» Exercise instructions
Write out the lines starting at the one that holds "this 2021×1820 image." and ending with the final line of the data, exactly and with no others.

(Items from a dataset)
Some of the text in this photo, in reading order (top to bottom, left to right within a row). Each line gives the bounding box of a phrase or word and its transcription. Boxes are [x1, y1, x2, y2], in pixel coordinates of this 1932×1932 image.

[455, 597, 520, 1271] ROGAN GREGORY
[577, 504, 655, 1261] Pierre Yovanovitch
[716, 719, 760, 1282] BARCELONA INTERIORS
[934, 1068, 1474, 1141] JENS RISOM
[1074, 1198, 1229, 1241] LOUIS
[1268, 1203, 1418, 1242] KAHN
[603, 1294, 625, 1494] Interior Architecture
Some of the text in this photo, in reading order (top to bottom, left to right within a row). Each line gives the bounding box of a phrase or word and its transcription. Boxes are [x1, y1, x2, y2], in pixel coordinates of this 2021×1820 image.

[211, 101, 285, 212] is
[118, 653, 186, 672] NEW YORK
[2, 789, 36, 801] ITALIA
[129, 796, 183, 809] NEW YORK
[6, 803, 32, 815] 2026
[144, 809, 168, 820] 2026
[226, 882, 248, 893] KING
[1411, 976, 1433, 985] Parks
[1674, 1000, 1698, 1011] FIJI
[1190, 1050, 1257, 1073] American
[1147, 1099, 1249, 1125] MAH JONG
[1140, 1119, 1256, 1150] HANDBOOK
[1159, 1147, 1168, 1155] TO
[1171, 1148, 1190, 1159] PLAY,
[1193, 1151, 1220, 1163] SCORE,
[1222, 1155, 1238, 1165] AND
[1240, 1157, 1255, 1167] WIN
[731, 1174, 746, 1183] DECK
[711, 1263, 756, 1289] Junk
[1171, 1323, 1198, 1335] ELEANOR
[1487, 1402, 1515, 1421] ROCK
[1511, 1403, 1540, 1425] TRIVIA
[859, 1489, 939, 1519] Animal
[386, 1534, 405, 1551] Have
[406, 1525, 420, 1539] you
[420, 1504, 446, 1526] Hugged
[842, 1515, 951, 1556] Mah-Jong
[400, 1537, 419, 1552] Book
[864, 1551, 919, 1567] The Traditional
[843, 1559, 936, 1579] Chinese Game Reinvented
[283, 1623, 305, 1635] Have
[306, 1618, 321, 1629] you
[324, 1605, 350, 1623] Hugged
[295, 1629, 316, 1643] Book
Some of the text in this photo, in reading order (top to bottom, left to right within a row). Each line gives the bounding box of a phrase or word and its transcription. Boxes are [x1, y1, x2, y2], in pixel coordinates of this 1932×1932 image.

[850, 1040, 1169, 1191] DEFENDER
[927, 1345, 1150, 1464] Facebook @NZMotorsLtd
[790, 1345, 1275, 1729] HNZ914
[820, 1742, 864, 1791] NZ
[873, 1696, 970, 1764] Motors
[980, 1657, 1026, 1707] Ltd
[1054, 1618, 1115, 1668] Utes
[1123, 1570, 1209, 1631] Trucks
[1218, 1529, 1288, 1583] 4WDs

» Result for this task
Some of the text in this photo, in reading order (top to bottom, left to right within a row). Each line gives the bounding box of a phrase or word and its transcription. Boxes are [x1, y1, x2, y2], in pixel coordinates of this 2021×1820 image.

[211, 101, 285, 212] is
[118, 653, 186, 672] NEW YORK
[2, 789, 36, 801] ITALIA
[129, 796, 183, 809] NEW YORK
[6, 803, 32, 815] 2026
[144, 809, 168, 820] 2026
[226, 882, 248, 893] KING
[1411, 976, 1433, 985] Parks
[1674, 1000, 1698, 1011] FIJI
[1190, 1050, 1257, 1073] American
[1147, 1099, 1249, 1125] MAH JONG
[1140, 1119, 1256, 1150] HANDBOOK
[1159, 1147, 1168, 1155] TO
[1171, 1148, 1190, 1159] PLAY,
[1193, 1151, 1220, 1163] SCORE,
[1222, 1155, 1238, 1165] AND
[1240, 1157, 1255, 1167] WIN
[731, 1174, 746, 1183] DECK
[711, 1263, 756, 1289] Junk
[1171, 1323, 1198, 1335] ELEANOR
[1487, 1402, 1515, 1421] ROCK
[1511, 1403, 1540, 1425] TRIVIA
[859, 1489, 939, 1519] Animal
[386, 1534, 405, 1551] Have
[406, 1525, 420, 1539] you
[420, 1504, 446, 1526] Hugged
[842, 1515, 951, 1556] Mah-Jong
[400, 1537, 419, 1552] Book
[864, 1551, 919, 1567] The Traditional
[843, 1559, 936, 1579] Chinese Game Reinvented
[283, 1623, 305, 1635] Have
[306, 1618, 321, 1629] you
[324, 1605, 350, 1623] Hugged
[295, 1629, 316, 1643] Book
Some of the text in this photo, in reading order (top to bottom, left to right within a row). Each line gives the bounding box of a phrase or word and its transcription. Boxes are [x1, y1, x2, y2], in pixel coordinates of this 1932×1932 image.

[850, 1040, 1169, 1191] DEFENDER
[927, 1345, 1150, 1464] Facebook @NZMotorsLtd
[790, 1345, 1275, 1729] HNZ914
[820, 1742, 864, 1791] NZ
[873, 1696, 970, 1764] Motors
[980, 1657, 1026, 1707] Ltd
[1054, 1618, 1115, 1668] Utes
[1123, 1570, 1209, 1631] Trucks
[1218, 1529, 1288, 1583] 4WDs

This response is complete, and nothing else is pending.